The move comes as cannabis companies face a $280 billion valuation discount compared to traditional sectors, largely due to banking restrictions and exchange limitations that force most operators onto over-the-counter markets or Canadian exchanges. Current federal prohibition creates a regulatory maze where even profitable cannabis companies like Curaleaf and Green Thumb Industries trade on secondary markets despite generating hundreds of millions in annual revenue.

Major exchange access would fundamentally reshape cannabis sector liquidity and institutional participation. Companies trading on OTC markets typically see 60-80% lower trading volumes than exchange-listed peers, directly impacting their ability to raise capital and execute acquisitions. The legislation addresses Section 280E tax burdens indirectly by legitimizing ancillary service relationships that currently operate in regulatory gray areas.

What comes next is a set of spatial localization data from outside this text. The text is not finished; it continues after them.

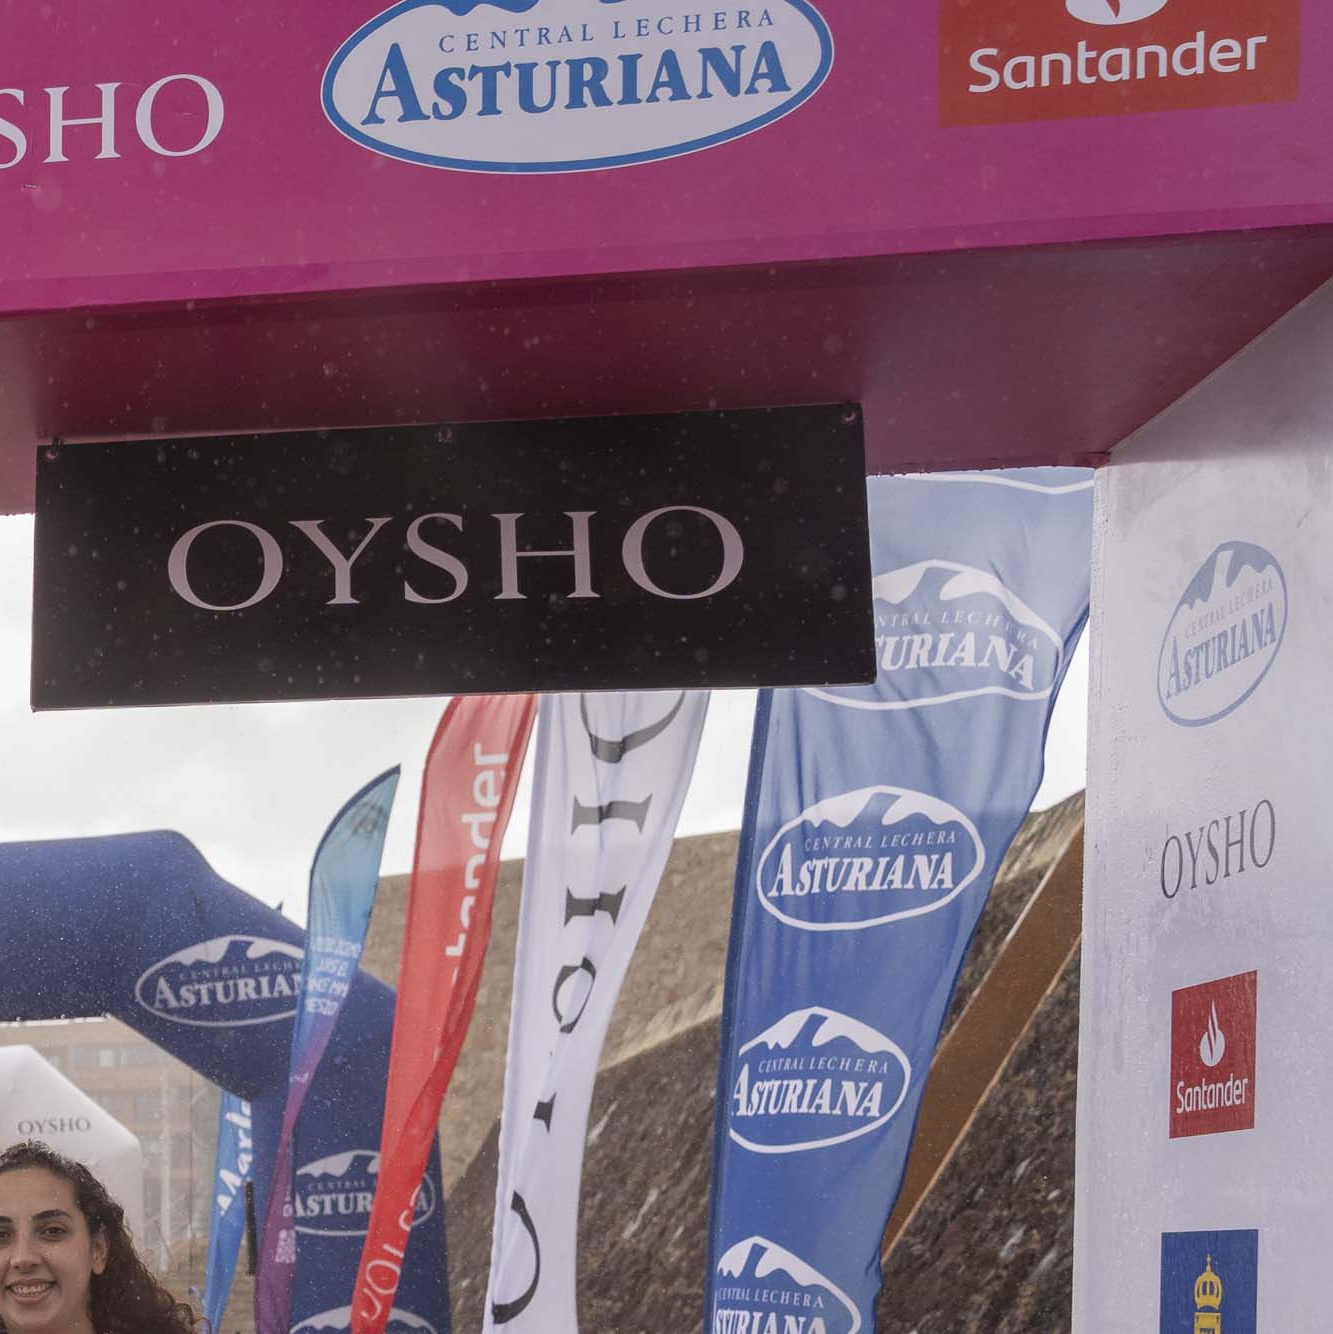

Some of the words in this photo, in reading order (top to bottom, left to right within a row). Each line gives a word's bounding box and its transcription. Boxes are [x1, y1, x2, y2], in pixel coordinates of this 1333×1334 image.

[440, 23, 594, 53] CENTRAL
[613, 8, 774, 39] LECHERA
[361, 40, 792, 126] ASTURIANA
[968, 31, 1267, 94] Santander
[166, 505, 744, 612] OYSHO
[876, 613, 931, 626] NTRAL
[876, 632, 1035, 690] URIANA
[1166, 601, 1277, 700] ASTURIANA
[805, 835, 874, 850] CENTRAL
[881, 831, 956, 849] LECHERA
[1160, 799, 1276, 900] OYSHO
[768, 843, 954, 898] ASTURIANA
[732, 1063, 883, 1117] ASTURIANA
[758, 1057, 804, 1073] CENTRAL
[809, 1056, 888, 1073] LECHERA
[1177, 1076, 1249, 1115] Santander
[18, 1116, 91, 1136] OYSHO
[754, 1289, 823, 1309] LECHERA
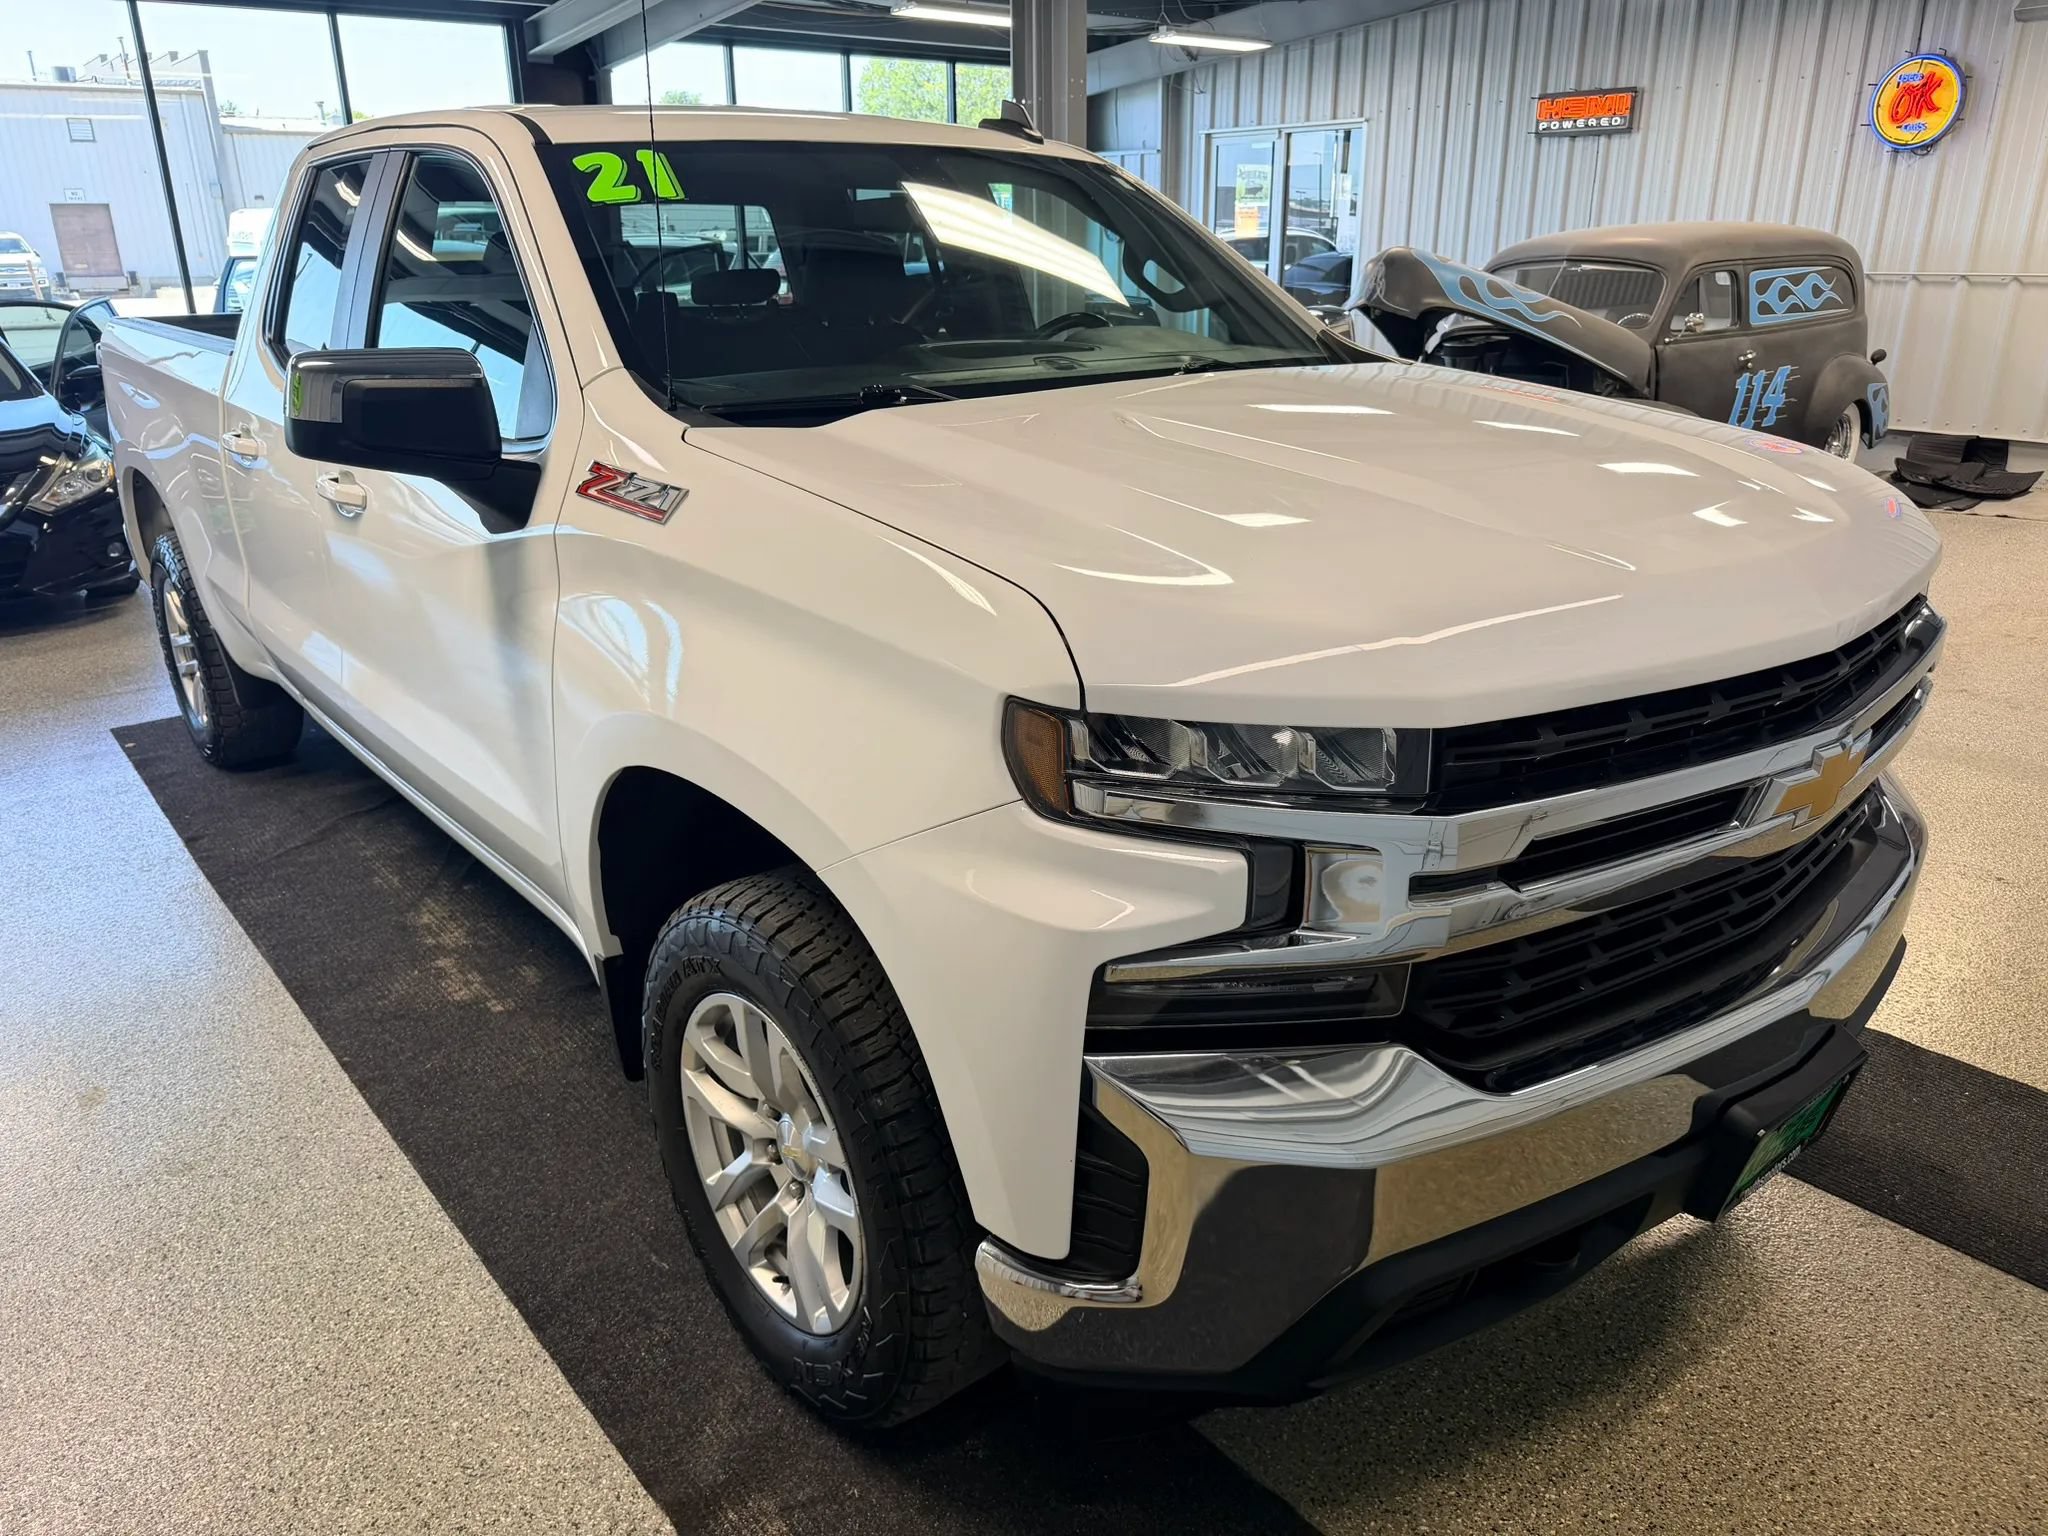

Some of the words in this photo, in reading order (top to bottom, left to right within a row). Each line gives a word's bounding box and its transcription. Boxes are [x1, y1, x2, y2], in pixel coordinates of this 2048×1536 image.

The timing aligns with broader federal cannabis policy momentum, including recent DEA scheduling review discussions and state-level legalization expansion. Twenty-four states now operate adult-use programs, creating a $30 billion legal market that remains largely disconnected from traditional capital markets. Exchange listings would likely trigger immediate institutional investor interest, particularly from pension funds and mutual funds currently prohibited from OTC cannabis exposure.

While passage remains uncertain given congressional dynamics, the bipartisan nature signals growing recognition of cannabis sector economic legitimacy. The legislation would create immediate winners among established operators with strong balance sheets positioned for institutional scrutiny, while potentially accelerating consolidation as smaller players gain access to public market capital for the first time.